The VW Group's captive financing operation believes growth opportunities in the new-car market are slowing and now plans to offer the same mix of financing products for used cars as it does for new cars.
By 2025, the share of new contracts should be roughly even from only as low as one-quarter for used cars currently, Automotive News reported.
"You earn more money in used-car financing," the unit's finance chief, Frank Fiedler, said in a press briefing on Monday.
"The net margin is better and the added risk [of a default] is priced into the loan. And the market accepts that–everywhere."
The division has hiked its earnings outlook for this year after strong growth in signing new contracts during the first quarter.
The unit is gaining new business with maintenance, inspection and guarantee extension deals, won thanks in part to VW's efforts to win back customer trust after the group's automaking business was hit by the diesel emissions-rigging scandal.
The division now expects to match last year’s operating profit of €1.9 billion, an all-time high, after previously forecasting it would earn at least the €1.7 billion posted in 2014.

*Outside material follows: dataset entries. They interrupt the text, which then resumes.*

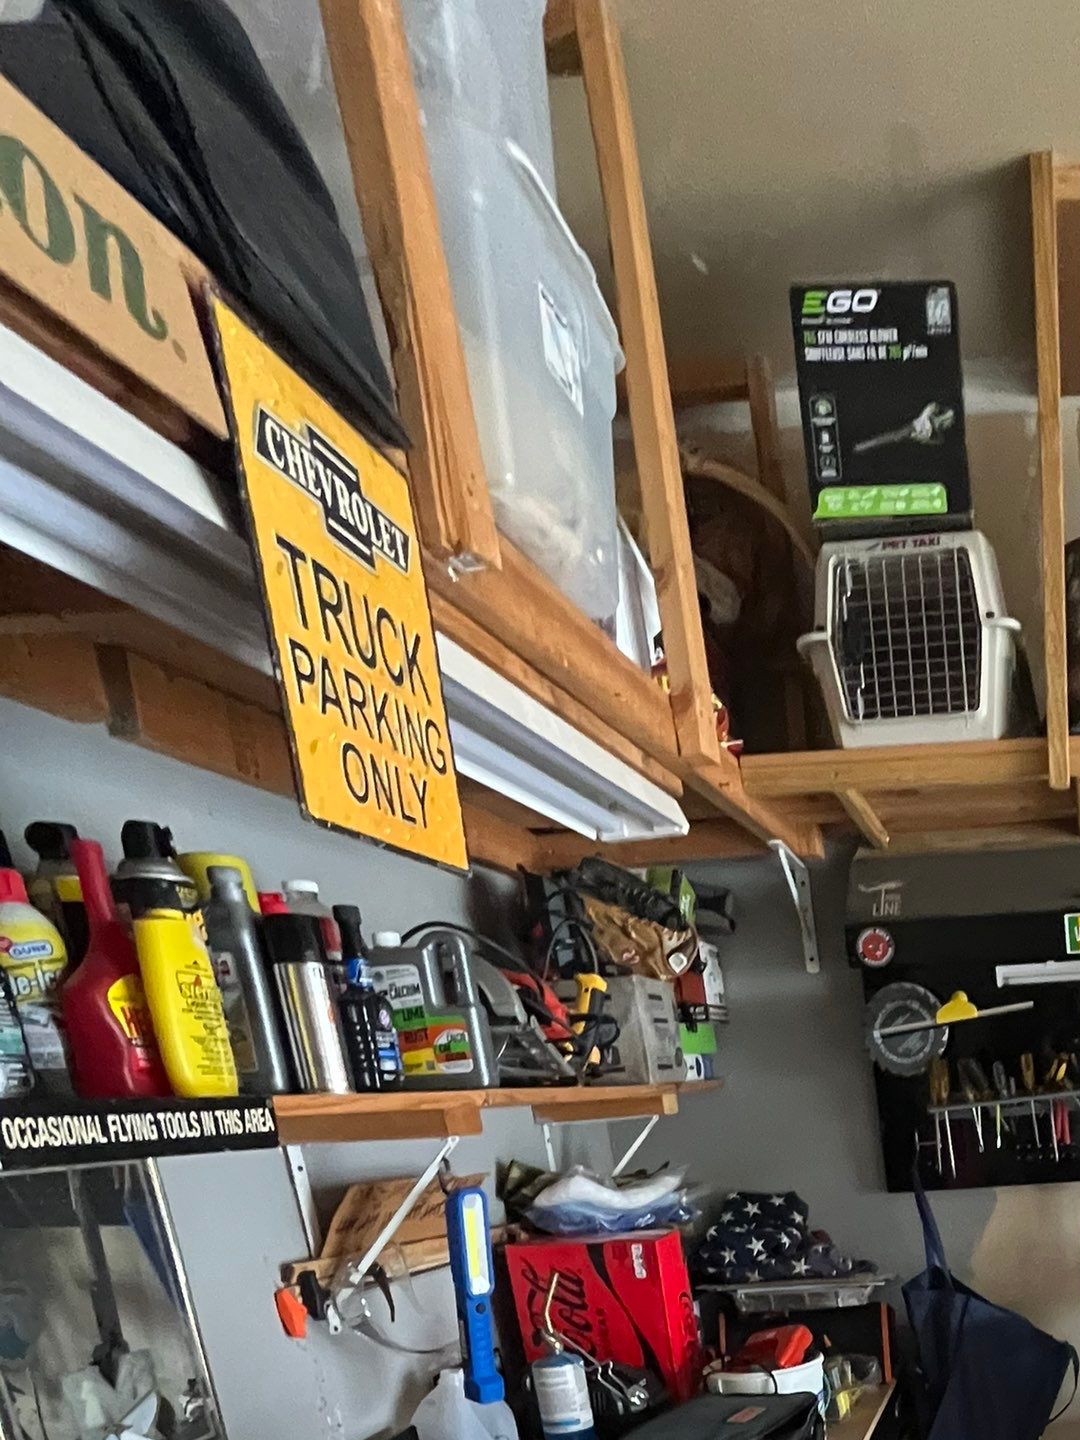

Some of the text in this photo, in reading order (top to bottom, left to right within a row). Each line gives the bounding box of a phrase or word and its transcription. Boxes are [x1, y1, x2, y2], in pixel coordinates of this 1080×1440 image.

[0, 134, 187, 363] on.
[801, 288, 879, 314] EGO
[264, 417, 408, 571] CHEVROLET
[274, 533, 432, 707] TRUCK
[288, 637, 448, 776] PARKING
[342, 741, 428, 830] ONLY
[1, 1106, 275, 1150] OCCASIONAL FLYING TOOLS IN THIS AREA
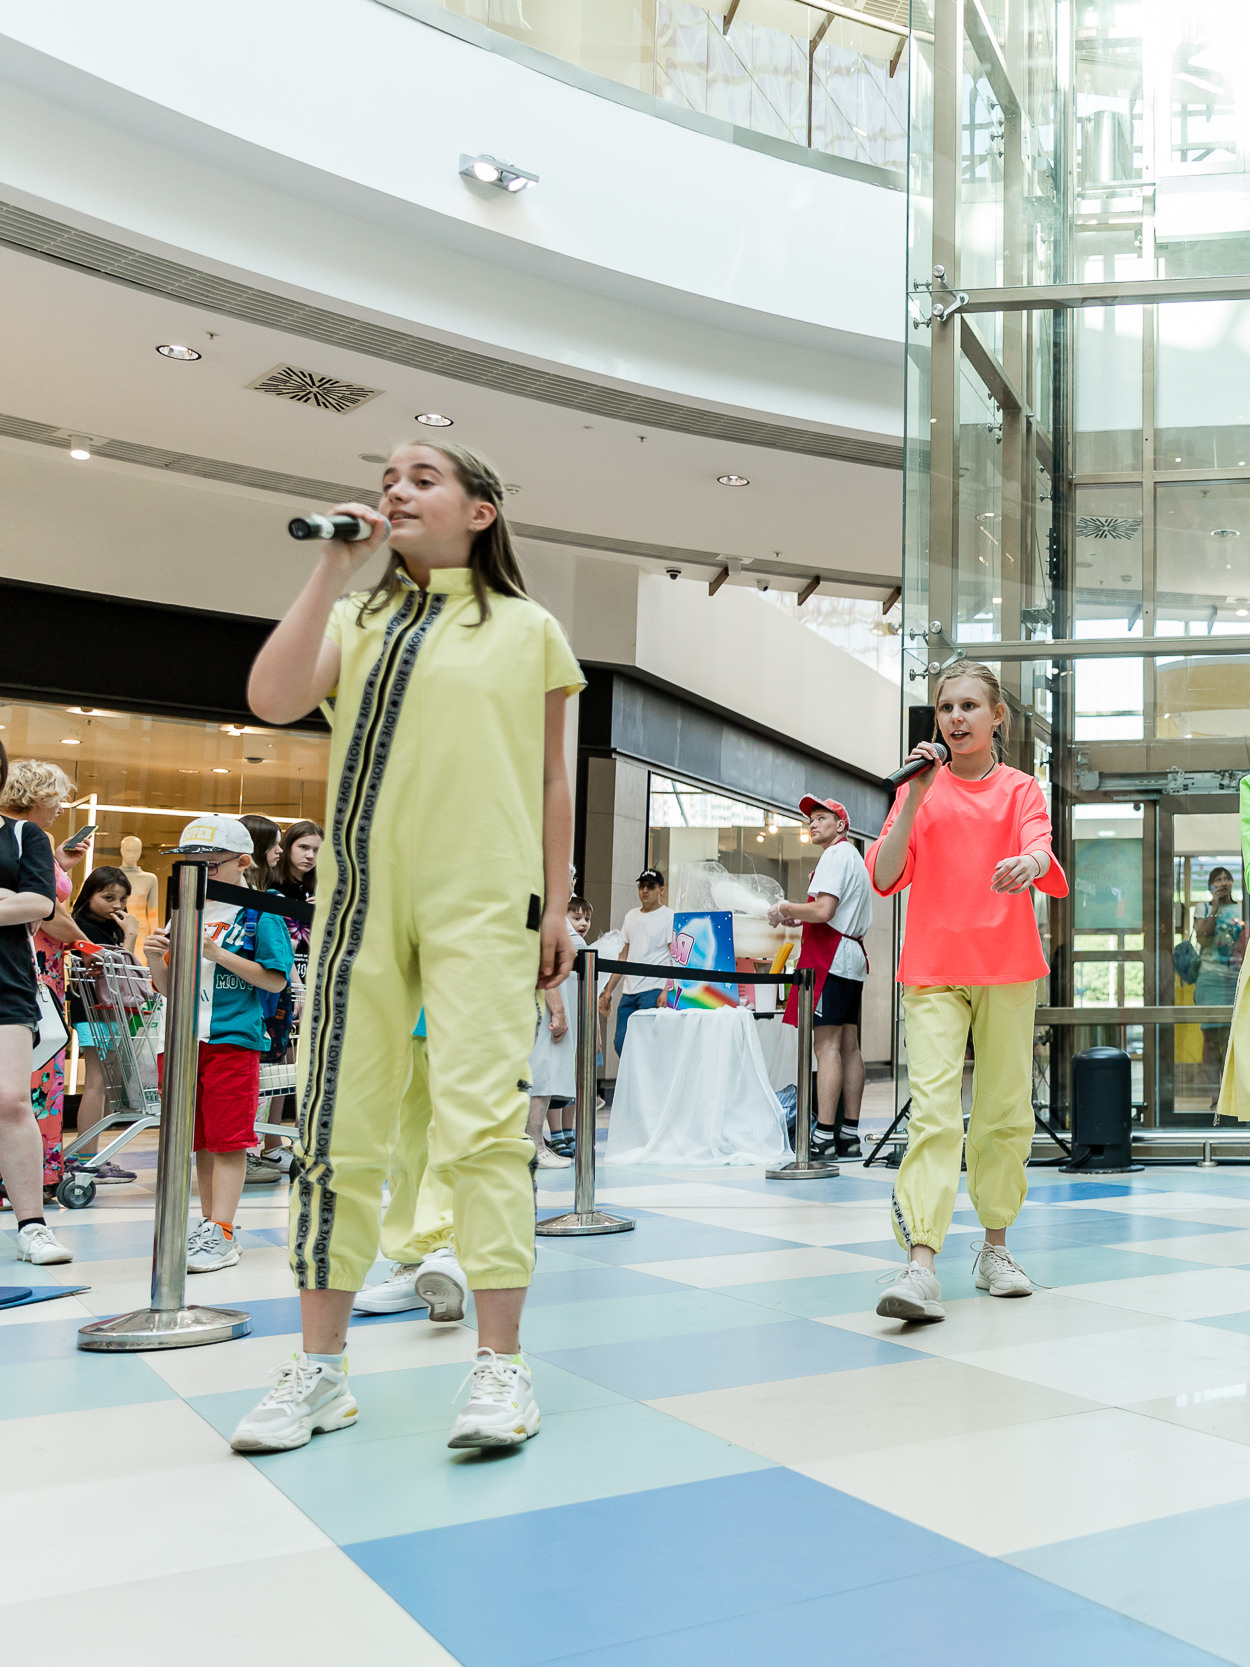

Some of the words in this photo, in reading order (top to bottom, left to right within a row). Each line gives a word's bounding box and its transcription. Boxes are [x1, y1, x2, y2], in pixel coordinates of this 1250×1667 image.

[385, 616, 403, 637] LOVE
[424, 604, 440, 625] LOVE
[405, 632, 424, 656] LOVE
[393, 669, 410, 698] LOVE
[360, 691, 373, 719] LOVE
[381, 710, 398, 738] LOVE
[348, 735, 363, 762] LOVE
[372, 752, 386, 780] LOVE
[340, 775, 355, 803] LOVE
[361, 794, 377, 822] LOVE
[333, 820, 343, 847] LOVE
[357, 837, 368, 865] LOVE
[338, 860, 348, 886] LOVE
[358, 877, 370, 905] LOVE
[328, 900, 343, 926] LOVE
[350, 919, 363, 946] LOVE
[318, 940, 332, 967] LOVE
[216, 974, 254, 991] MOV
[336, 958, 352, 986] LOVE
[313, 985, 322, 1012] LOVE
[334, 1003, 345, 1030] LOVE
[327, 1045, 340, 1072] LOVE
[321, 1089, 335, 1117] LOVE
[299, 1212, 309, 1238] LOVE
[894, 1207, 904, 1225] TIME
[316, 1230, 330, 1255] LOVE
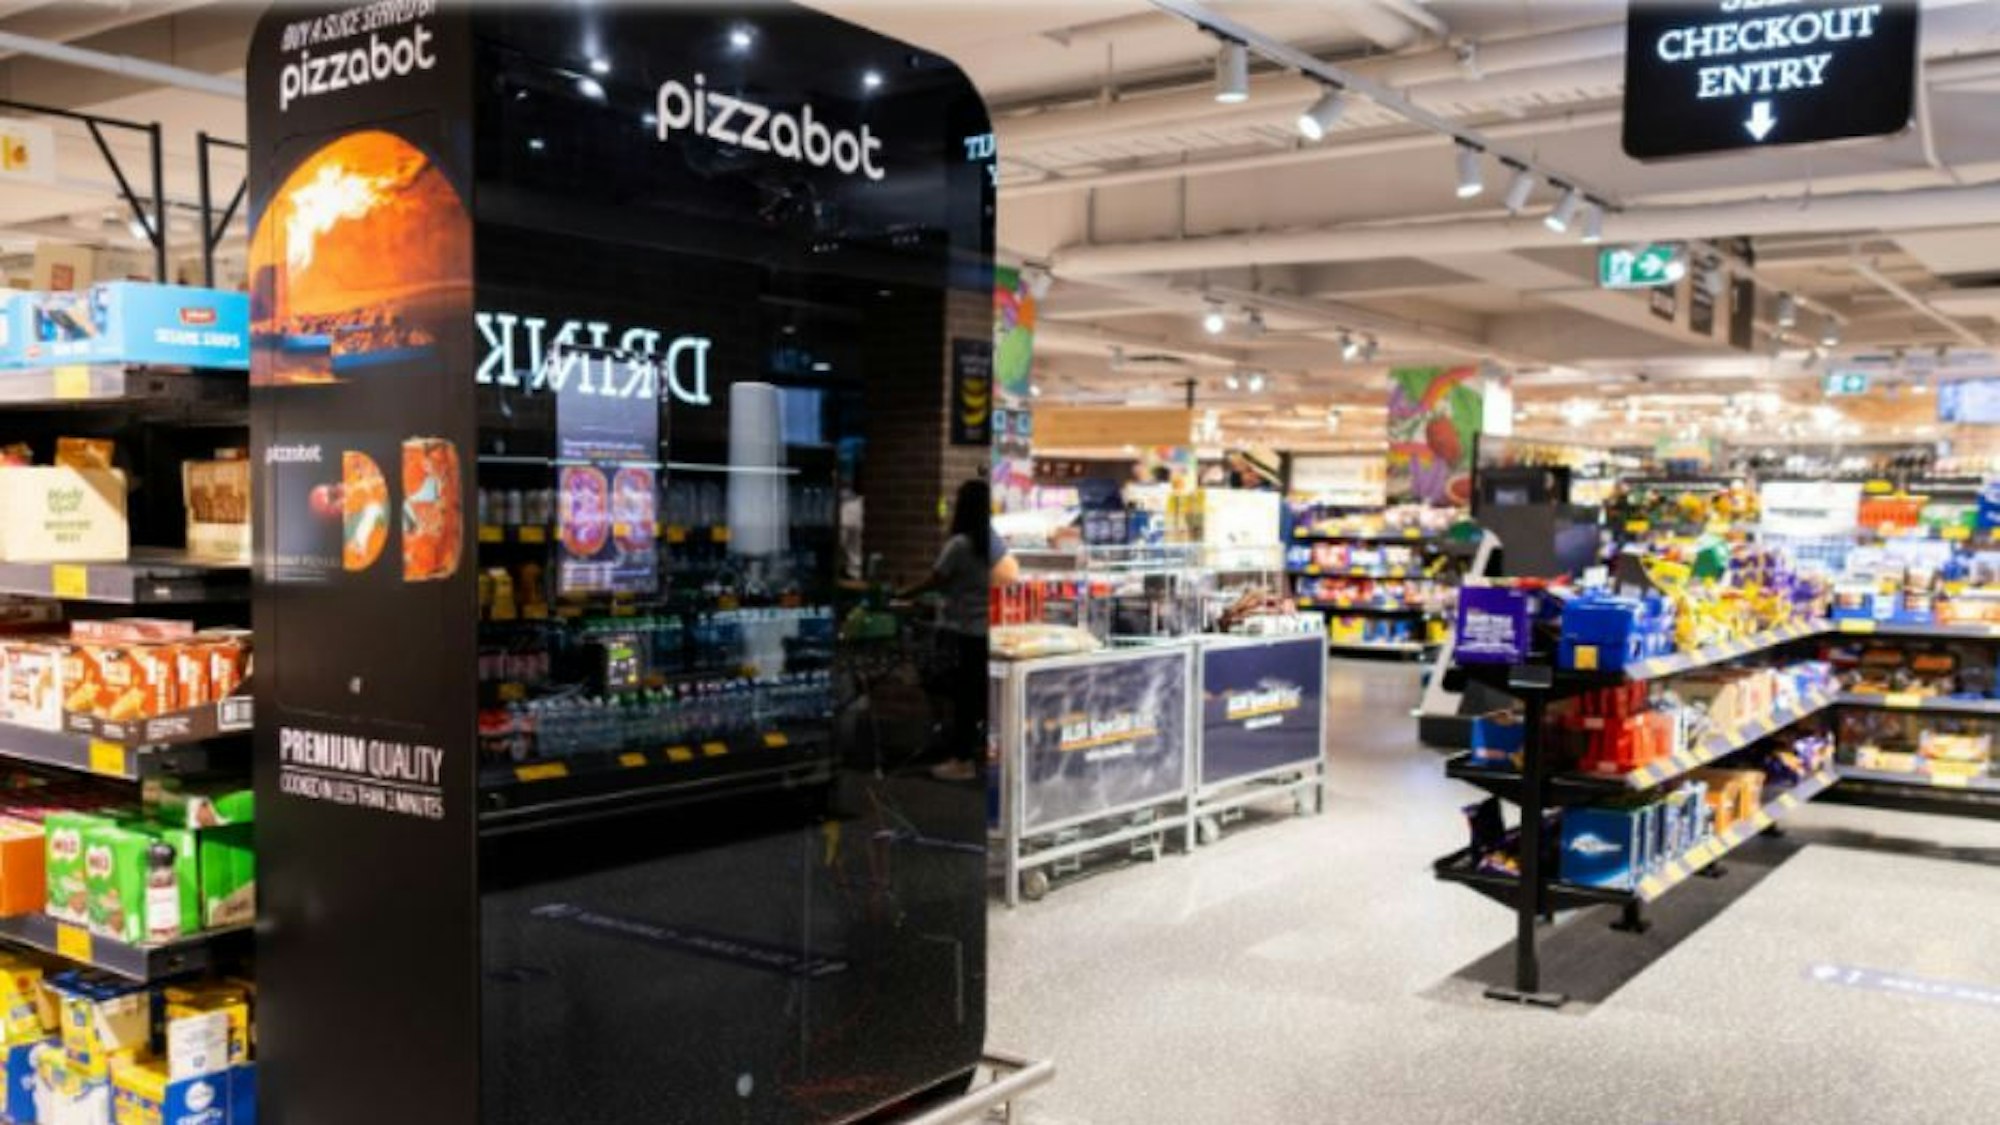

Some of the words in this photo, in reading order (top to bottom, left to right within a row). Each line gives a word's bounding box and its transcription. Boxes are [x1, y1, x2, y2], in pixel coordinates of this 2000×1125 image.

"The trust-building campaign was a second growth driver for services and we believe it also has a permanent effect since dealers have realized they are a core product," said the unit's sales chief, Christian Dahlheim.
Fiedler said the new business "was not planned in, hence the better forecast".
The unit plans to increase its portfolio of income-generating assets to 30 million insurance, services and financing contracts from last year's 16.6 million.